* [EXERCISE AIM]: Go through the data below and copy it exactly, skipping every picture.

* [INPUT MATERIAL]:
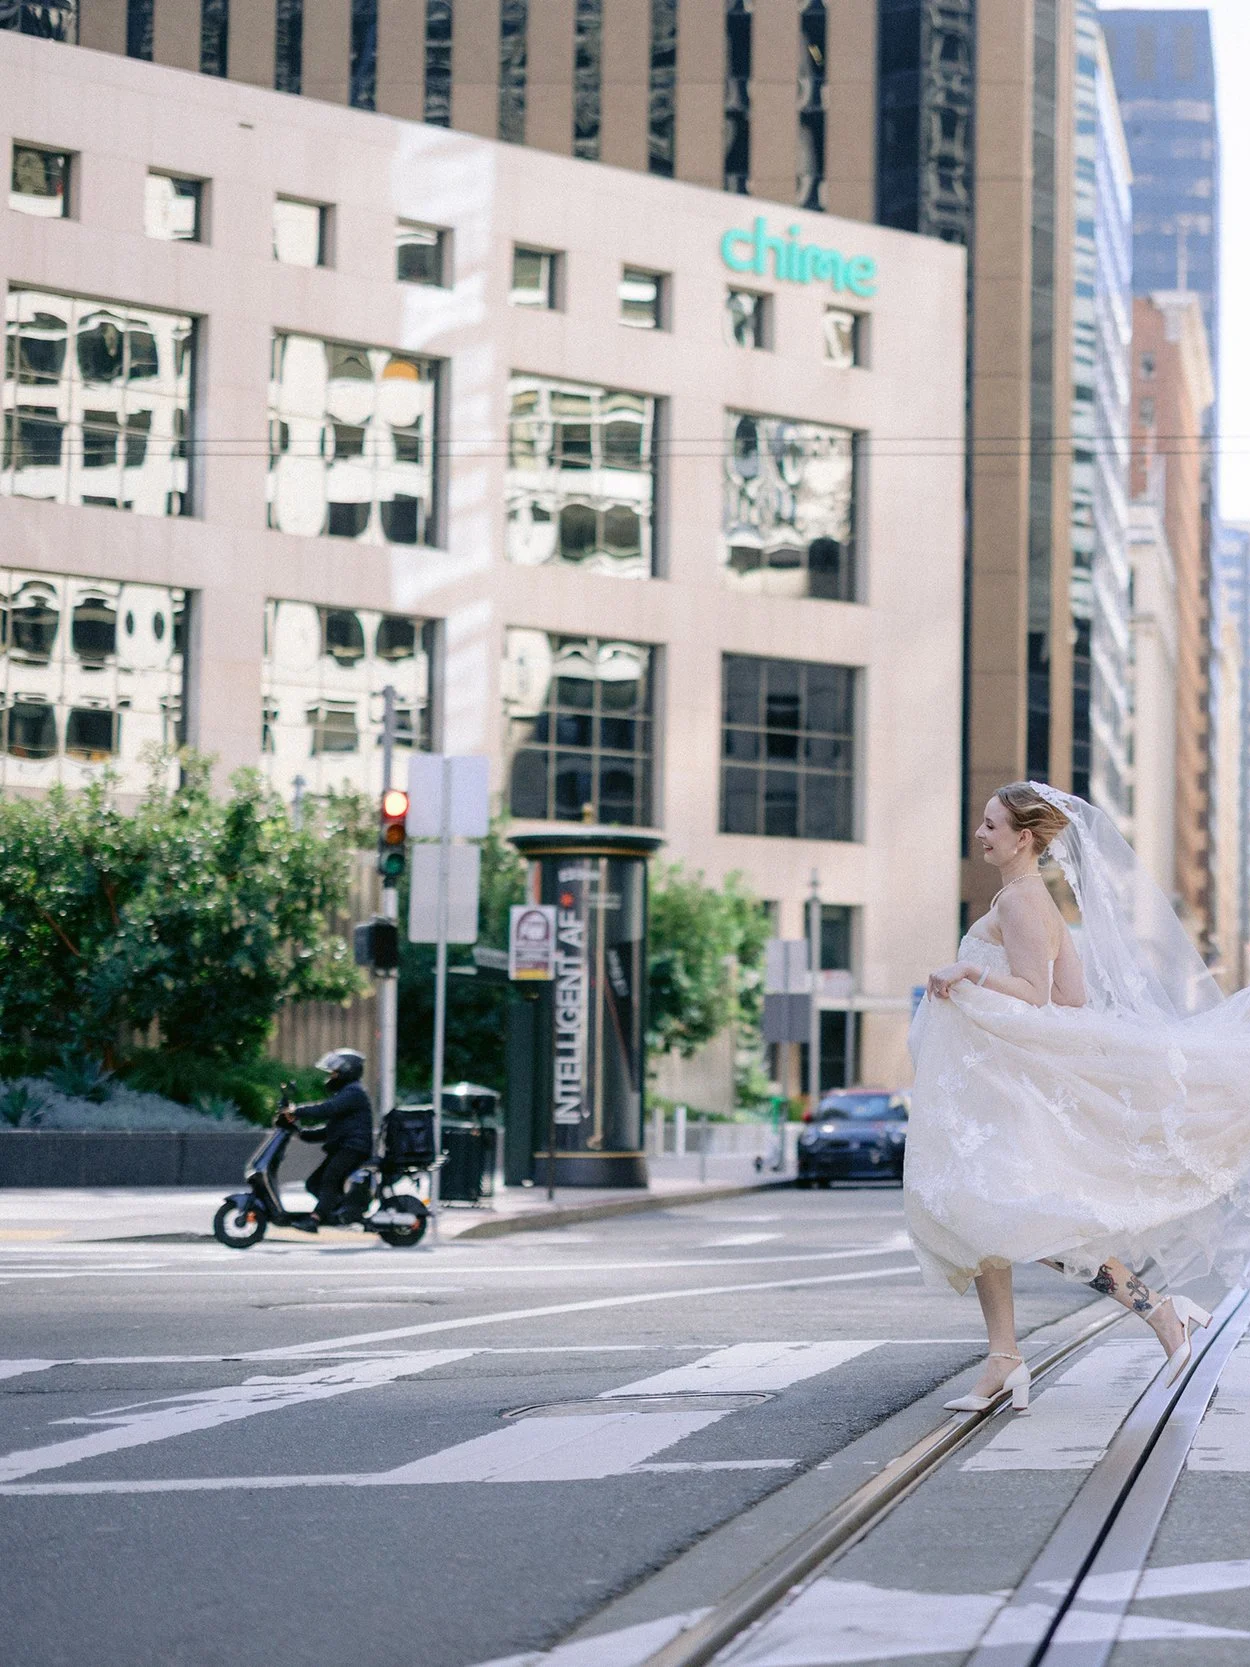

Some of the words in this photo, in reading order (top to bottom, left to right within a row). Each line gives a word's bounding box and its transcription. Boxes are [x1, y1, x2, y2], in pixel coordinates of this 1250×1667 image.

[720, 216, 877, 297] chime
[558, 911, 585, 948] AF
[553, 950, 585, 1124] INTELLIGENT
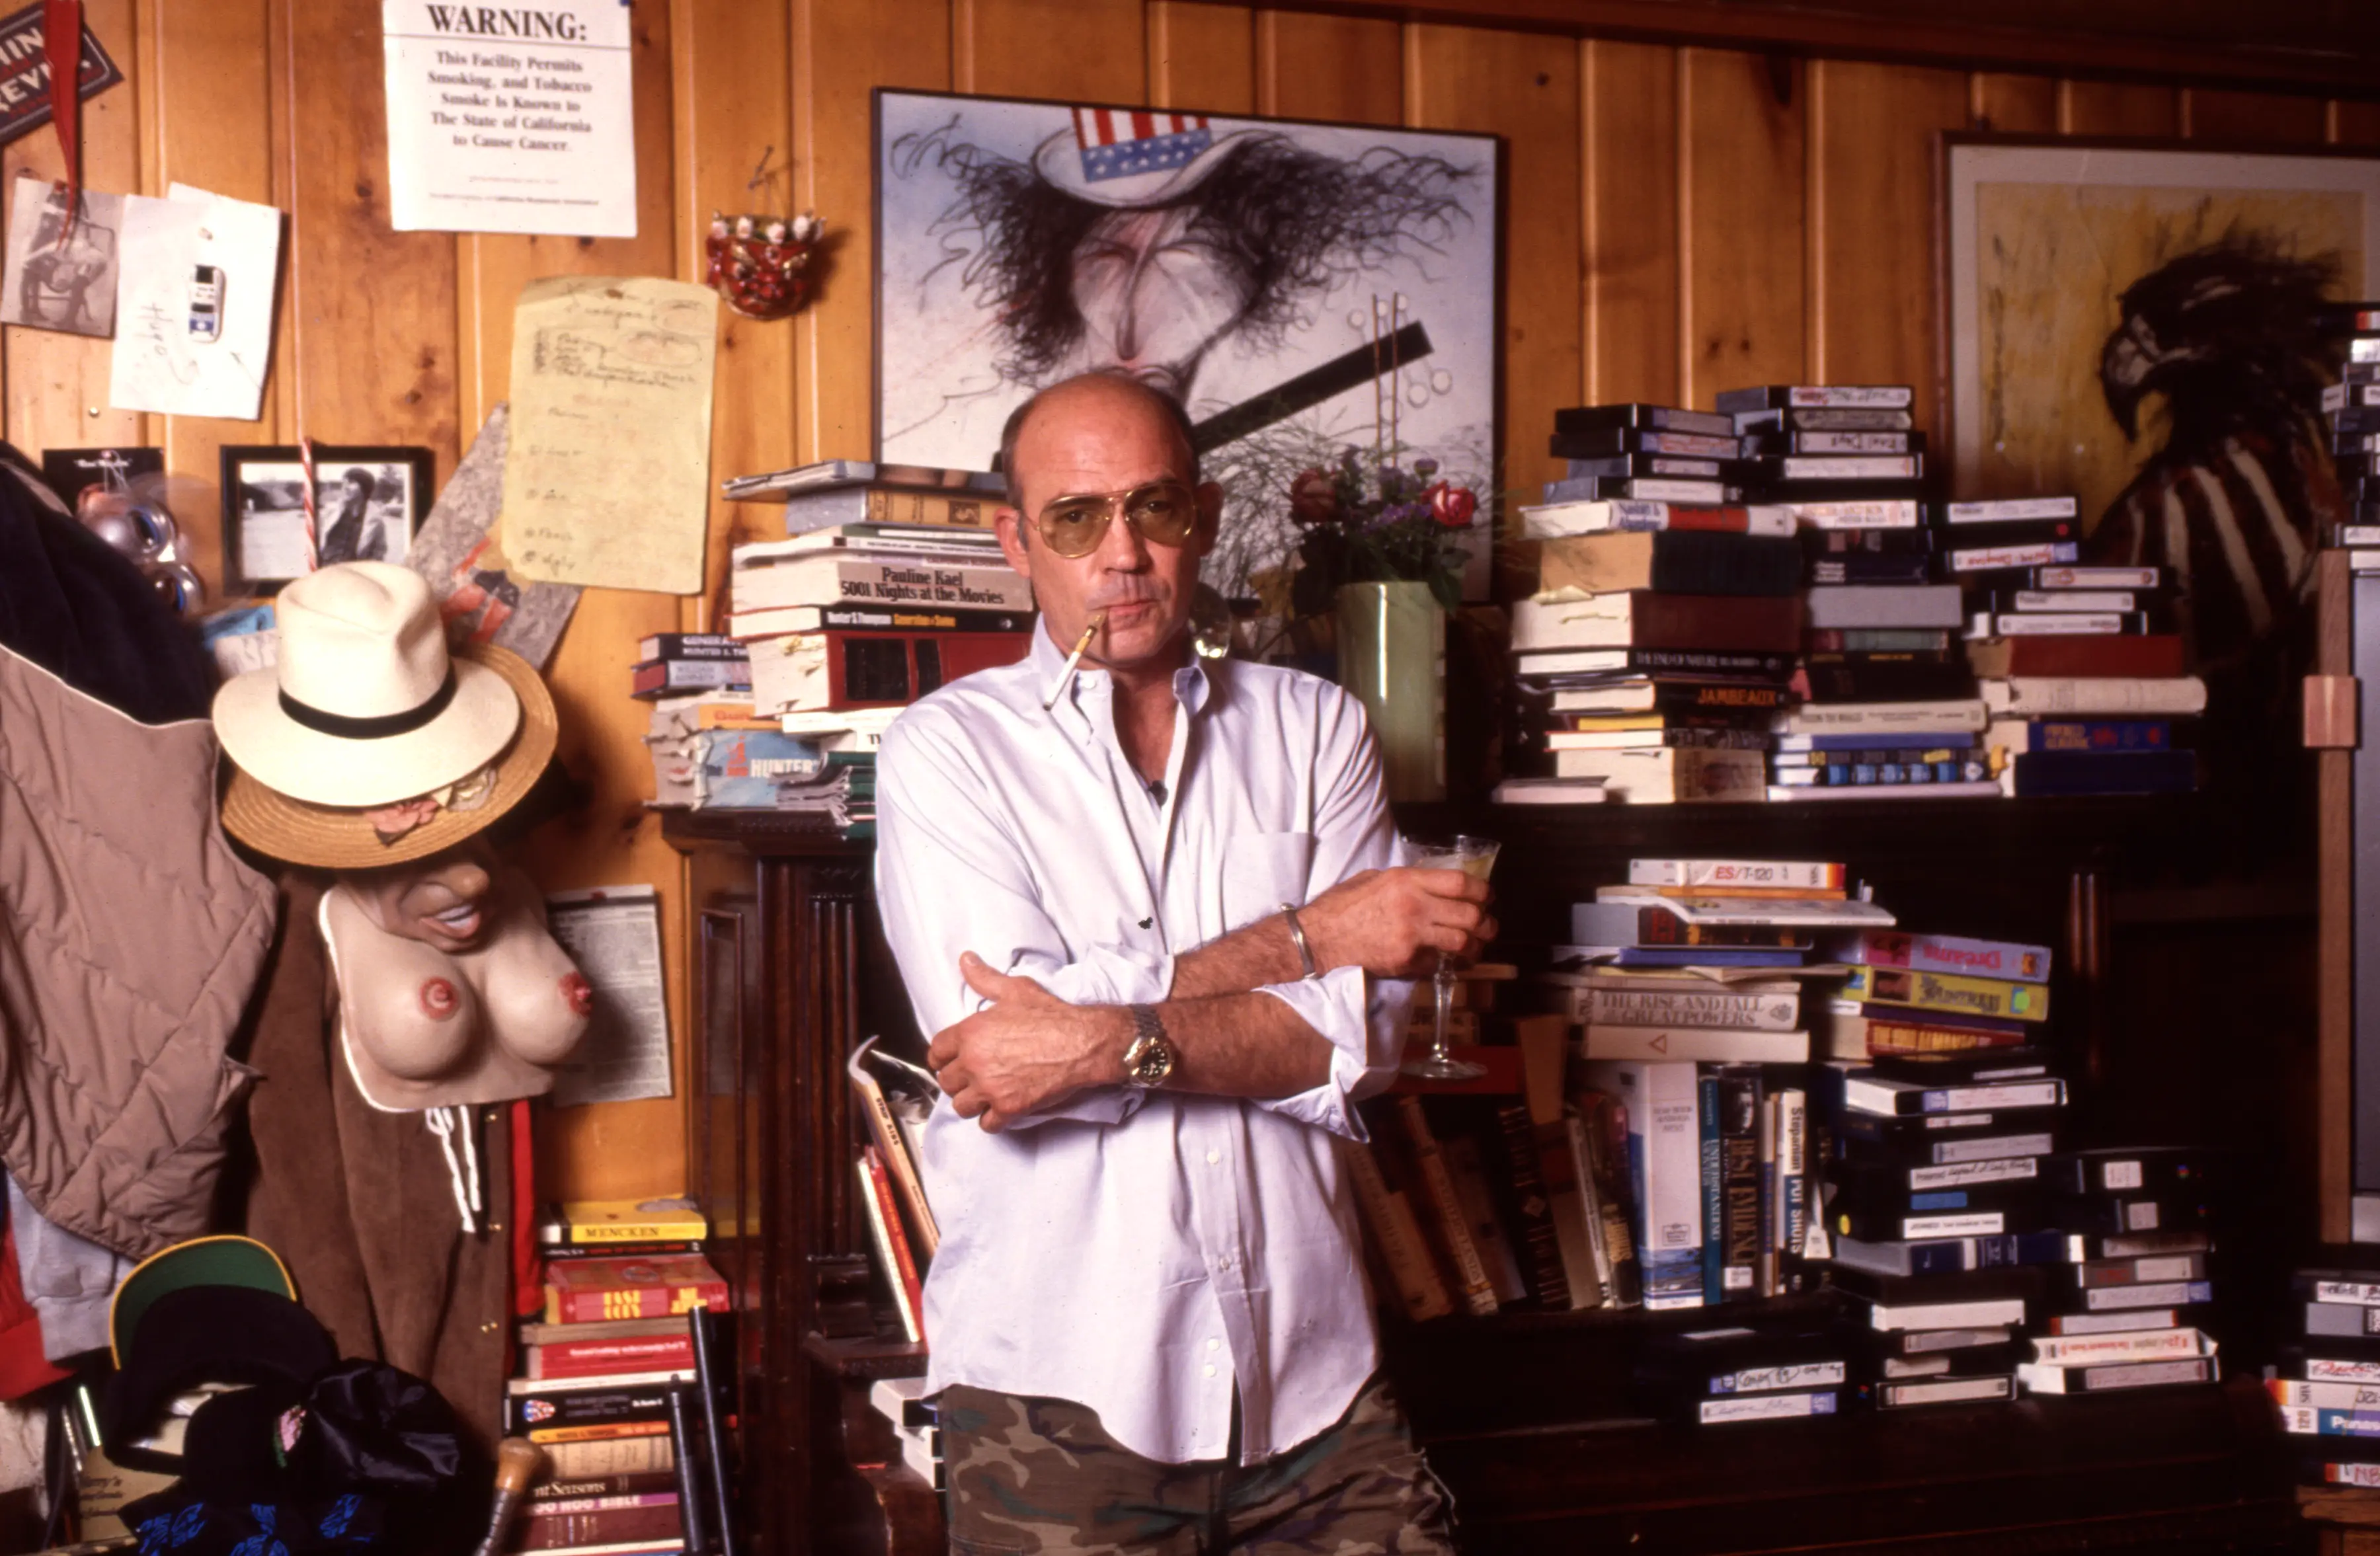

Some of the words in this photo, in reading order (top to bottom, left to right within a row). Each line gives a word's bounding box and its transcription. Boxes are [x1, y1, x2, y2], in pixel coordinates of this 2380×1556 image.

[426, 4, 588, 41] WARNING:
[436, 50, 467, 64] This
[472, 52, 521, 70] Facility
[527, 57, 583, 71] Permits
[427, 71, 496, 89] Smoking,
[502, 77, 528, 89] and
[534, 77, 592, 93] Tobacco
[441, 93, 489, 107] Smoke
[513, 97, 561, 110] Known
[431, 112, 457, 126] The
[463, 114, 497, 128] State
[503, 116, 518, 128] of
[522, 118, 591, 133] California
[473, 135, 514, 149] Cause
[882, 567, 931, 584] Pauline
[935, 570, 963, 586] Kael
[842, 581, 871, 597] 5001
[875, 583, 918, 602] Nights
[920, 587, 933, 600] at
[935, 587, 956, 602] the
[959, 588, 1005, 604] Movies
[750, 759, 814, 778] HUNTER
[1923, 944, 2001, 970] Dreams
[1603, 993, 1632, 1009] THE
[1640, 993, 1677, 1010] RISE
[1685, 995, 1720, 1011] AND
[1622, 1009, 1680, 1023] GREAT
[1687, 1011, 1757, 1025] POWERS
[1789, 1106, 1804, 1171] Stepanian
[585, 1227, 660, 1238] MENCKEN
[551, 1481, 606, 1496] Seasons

* [RESPONSE TO THIS TASK]:
Some of the words in this photo, in reading order (top to bottom, left to right within a row). Each line gives a word's bounding box and its transcription. Boxes are [x1, y1, x2, y2], in pixel coordinates of this 1250×1667 image.

[720, 216, 877, 297] chime
[558, 911, 585, 948] AF
[553, 950, 585, 1124] INTELLIGENT

Some of the words in this photo, in reading order (top to bottom, left to right within a row). Each line gives a word's bounding box and its transcription. Boxes are [x1, y1, x2, y2], in pixel coordinates of this 2380×1556 image.

[426, 4, 588, 41] WARNING:
[436, 50, 467, 64] This
[472, 52, 521, 70] Facility
[527, 57, 583, 71] Permits
[427, 71, 496, 89] Smoking,
[502, 77, 528, 89] and
[534, 77, 592, 93] Tobacco
[441, 93, 489, 107] Smoke
[513, 97, 561, 110] Known
[431, 112, 457, 126] The
[463, 114, 497, 128] State
[503, 116, 518, 128] of
[522, 118, 591, 133] California
[473, 135, 514, 149] Cause
[882, 567, 931, 584] Pauline
[935, 570, 963, 586] Kael
[842, 581, 871, 597] 5001
[875, 583, 918, 602] Nights
[920, 587, 933, 600] at
[935, 587, 956, 602] the
[959, 588, 1005, 604] Movies
[750, 759, 814, 778] HUNTER
[1923, 944, 2001, 970] Dreams
[1603, 993, 1632, 1009] THE
[1640, 993, 1677, 1010] RISE
[1685, 995, 1720, 1011] AND
[1622, 1009, 1680, 1023] GREAT
[1687, 1011, 1757, 1025] POWERS
[1789, 1106, 1804, 1171] Stepanian
[585, 1227, 660, 1238] MENCKEN
[551, 1481, 606, 1496] Seasons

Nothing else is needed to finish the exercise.